Repeat the records exactly as given. Do not include the pictures.

* _The data_:
########

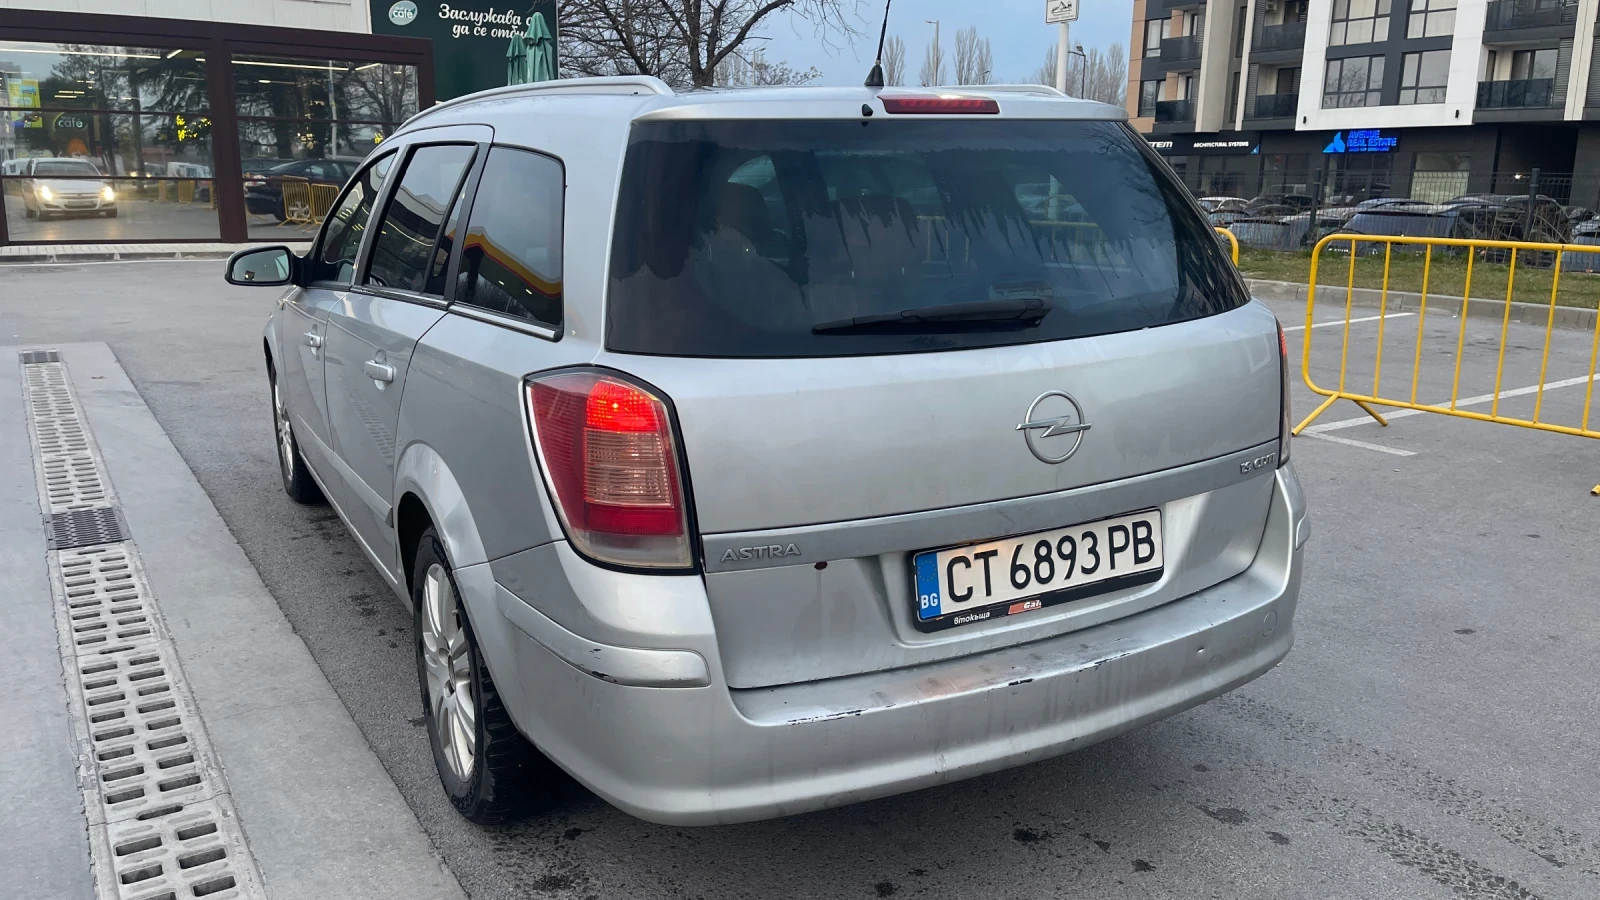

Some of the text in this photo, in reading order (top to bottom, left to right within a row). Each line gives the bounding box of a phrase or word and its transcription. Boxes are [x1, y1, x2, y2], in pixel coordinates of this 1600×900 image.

[392, 8, 413, 19] café
[438, 3, 522, 26] Заслужава
[452, 24, 528, 39] да се отби
[1348, 130, 1380, 138] AVENUE
[1347, 137, 1397, 147] REAL ESTATE
[720, 543, 802, 562] ASTRA
[947, 520, 1156, 603] CT 6893 PB
[920, 593, 938, 609] BG

########

* _Result of the exercise_:
Some of the text in this photo, in reading order (top to bottom, left to right within a row). Each line gives the bounding box of a phrase or word and its transcription. Boxes are [x1, y1, x2, y2], in pixel coordinates of this 1600×900 image.

[392, 8, 413, 19] café
[438, 3, 522, 26] Заслужава
[452, 24, 528, 39] да се отби
[1348, 130, 1380, 138] AVENUE
[1347, 137, 1397, 147] REAL ESTATE
[720, 543, 802, 562] ASTRA
[947, 520, 1156, 603] CT 6893 PB
[920, 593, 938, 609] BG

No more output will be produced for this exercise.